Huber's New Observations Upon Bees The Complete Volumes I & II by Francis Huber

What Huber discovered and wrote about here, laid the ground work for all the practical knowledge we have of bees today. His discoveries were so revolutionary, that beekeeping can be divided in two eras very easily as pre-Huber and post-Huber.

This edition of Huber's Observations by far surpasses any other edition ever printed in the English language.

First it has both Volume I and II, while every English edition currently in print that I am aware of is only Volume I of the 1809 edition. which is only a third of the final Huber book.

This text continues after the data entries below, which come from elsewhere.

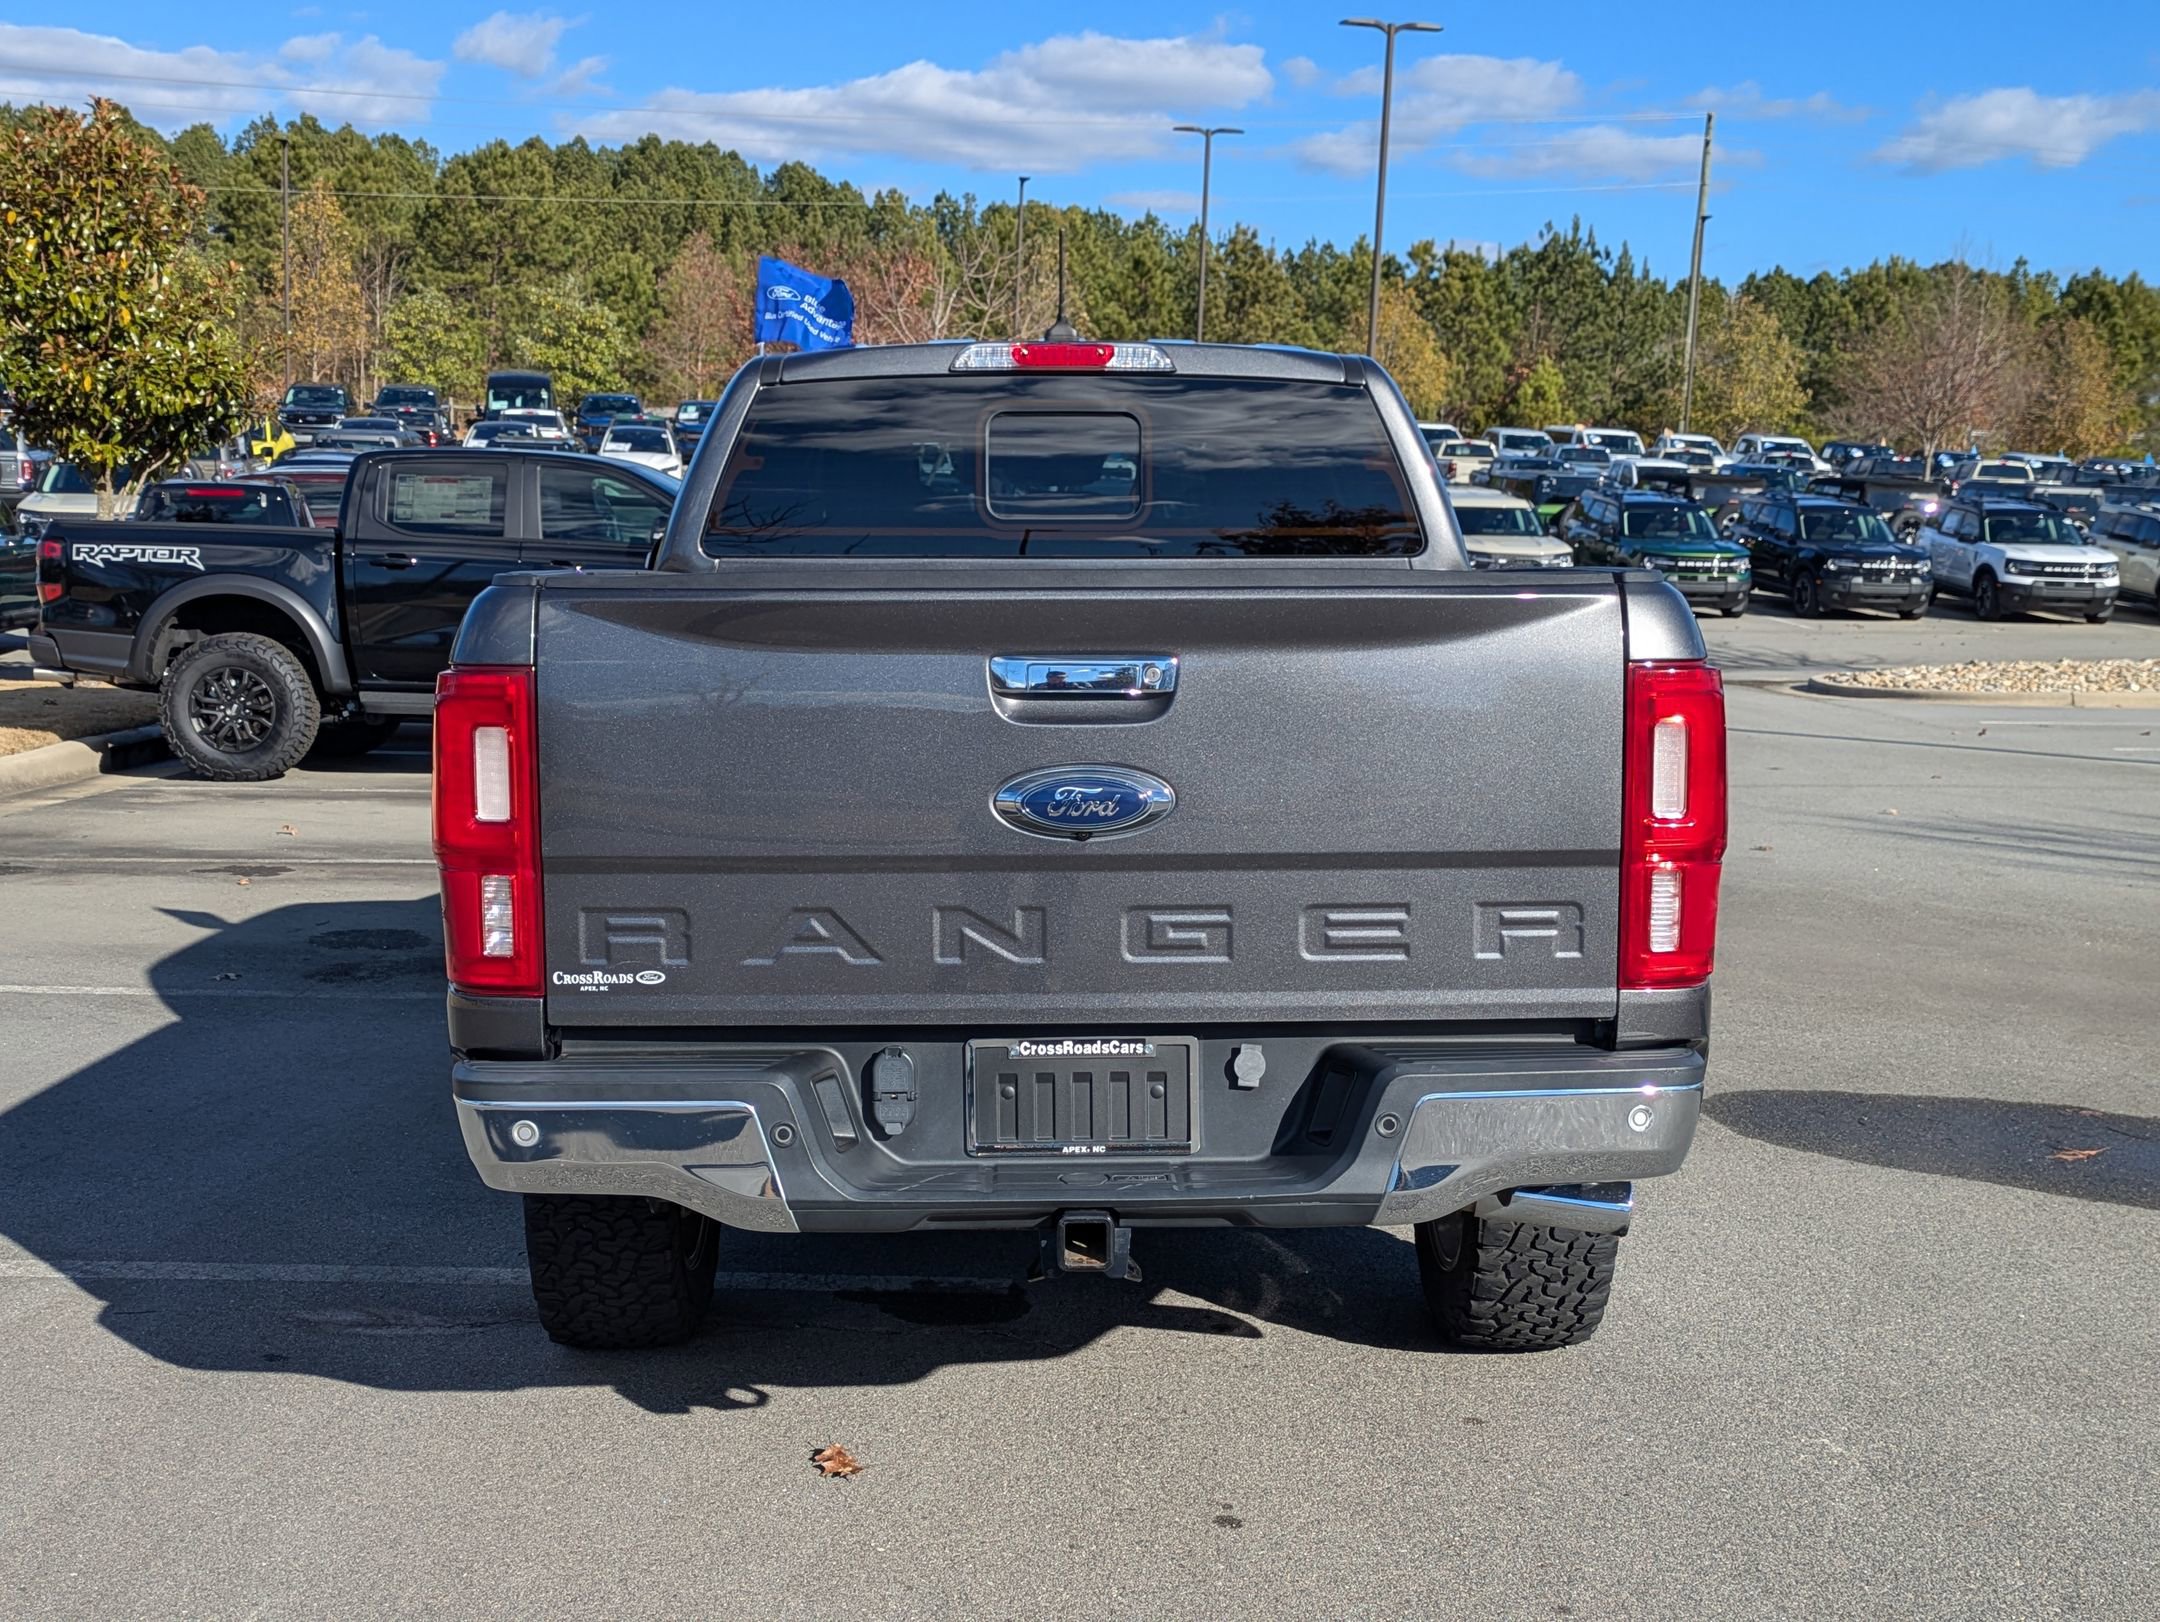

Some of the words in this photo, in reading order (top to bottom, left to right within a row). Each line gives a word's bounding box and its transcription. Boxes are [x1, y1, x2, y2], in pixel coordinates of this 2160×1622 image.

[72, 544, 206, 571] RAPTOR
[1047, 786, 1120, 817] Ford
[578, 901, 1584, 965] RANGER
[1020, 1040, 1144, 1056] CrossRoadsCars
[1092, 1145, 1106, 1153] NC

The second volume was published in 1814 in French 5 years after that 1809 edition and contains Huber's research on the origin of wax, the construction of comb, the ventilation of the hive and much more.

Second, it is the best English translation from the original French and the only one I know of that has both volumes. C.P. Dadant, was uniquely qualified to do the translation. Dadant was born in France and French was his first language, yet he spent most of his life beekeeping; and writing and editing beekeeping articles and books in America in English.

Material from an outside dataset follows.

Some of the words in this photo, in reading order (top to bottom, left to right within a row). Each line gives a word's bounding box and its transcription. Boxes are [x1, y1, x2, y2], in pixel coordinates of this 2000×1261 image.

Third, all of the English editions currently in print have only 2 plates (if any). Only the previous Dadant edition (1926) had all 14 of the original plates but unfortunately they were only halftones of some old yellow copies and are not very readable. This edition has new scans from a very good condition edition of the original 1814 French of both Volumes of Nouvelles Observations Sur Les Abeilles so these are clearer than any previous edition other than the original 1814 French edition. An additional engraving of Huber's work from Cheshire's book, plus an engraving of Francis Huber from the Dadant edition have been included. In addition, 7 more photos of a museum quality reproduction of Huber's Leaf hive have also been included. All figures have been split out and enlarged and put in the text where they are referred to. Photos of the original plates are included at the back for historic and artistic purposes.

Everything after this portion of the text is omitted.